The phone bill, utilities, bank charges - dealing with these bills at your medical practice should mirror your personal approach.
Overcharges by companies - cell phone service providers, credit card issuers, utilities, banks and more - are commonplace. In fact, they could be costing you and your medical practice hundreds of dollars a year.
These errors aren’t deliberate. Companies point out that overbilling actually costs them money because customer service representatives must spend valuable time dealing with the resulting billing complaints.
Bottom line: It’s up to you to scrutinize what you are charged and then question what you don’t understand.
This job is best delegated to the staff member (often the manager) who does the check-writing.
Common errors: Misapplied charges, such as check-writing fees when you signed up for free checking, bounced-check fees when your account has overdraft protection, out-of-network ATM fees when you didn’t use an ATM outside your bank’s network.
What to do: Call the number on your statement within 60 days from the date their statement was mailed - most will quickly remove such fees.
Telephone CompaniesCommon errors: Charges you paid in the previous month that appear on your bill again because they weren’t credited to your account, fees for services you didn’t order, such as call-waiting, unreasonably high charges because a discount plan you signed up for was discontinued. Example: Your plan had a rate of five cents per minute for calls to Canada. Several months later, the plan was discontinued, but you never saw the notice. Your new rate is 25 cents a minute.
What to do: Complain to the phone company. It may correct your practice's bill and offer to switch you to another plan that will save you some money - it might charge you less than 25 cents but more than five cents. In general, you should report mistakes and/or overcharges to your phone company as soon as you receive your statement. You have 60 days to dispute unauthorized pay-per-call charges.
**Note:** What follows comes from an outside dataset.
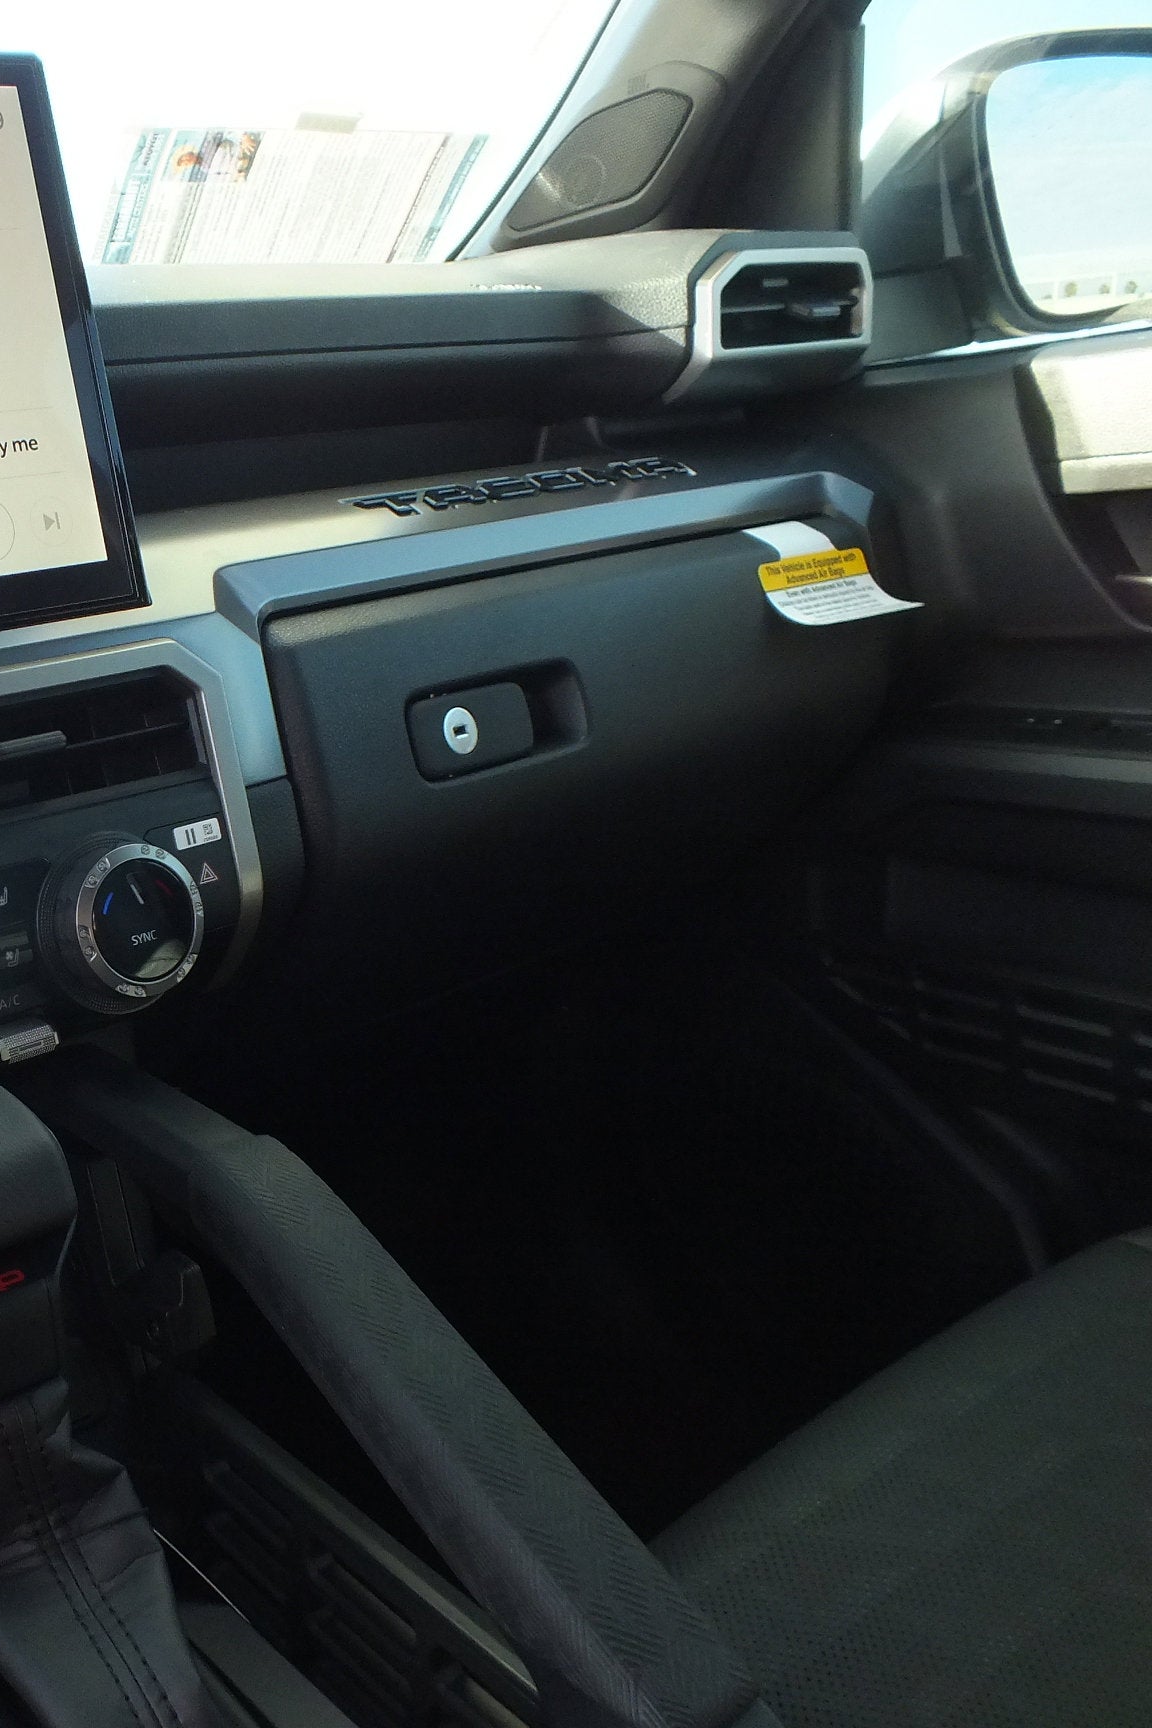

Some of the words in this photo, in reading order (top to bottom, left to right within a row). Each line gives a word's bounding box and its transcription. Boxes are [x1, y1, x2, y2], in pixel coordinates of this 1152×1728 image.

Helpful: Consider a one-price plan - for instance, an unlimited monthly domestic calling plan as part of your long-distance service. Anything you can do to simplify the number of charges on your bill will reduce the likelihood of mistakes and save you time when scrutinizing the bill.
Common errors: Charges from a former service provider that you no longer use, extra charges tacked on by your card company (such as credit insurance or other services it sells and you don’t want), a merchant’s failure to post a credit for returned items, charges for services or goods that you ordered and never received.
What to do: Federal law requires that you first try to resolve the mistake with the company that incorrectly charged you, not the credit card issuer. Technically, to dispute the charge with your credit card company, you must make the request in writing. Practically speaking, many people just call their card issuer.
Review your credit card bills online once a week. You’re more likely to remember what you bought and spot mistakes than if you wait for paper statements to arrive the following month. Also, you’ll have fewer items to check than at the end of the month.
Common errors: Reading the meter incorrectly, bills based on estimated usage - when a reading cannot be obtained - that are wildly over the mark. Estimated usage is based on your patterns over the past year, so charges might even reflect errors on past bills.
What to do: Demonstrate that the reading is incorrect by taking a picture of the meter or scheduling a time for the utility company to send a meter reader to your office. Check the reading with him/her, and write down the number yourself. If the amount doesn’t match what appears on your bill, report the error to the utility company. If the problem goes unresolved, contact your state public utilities commission.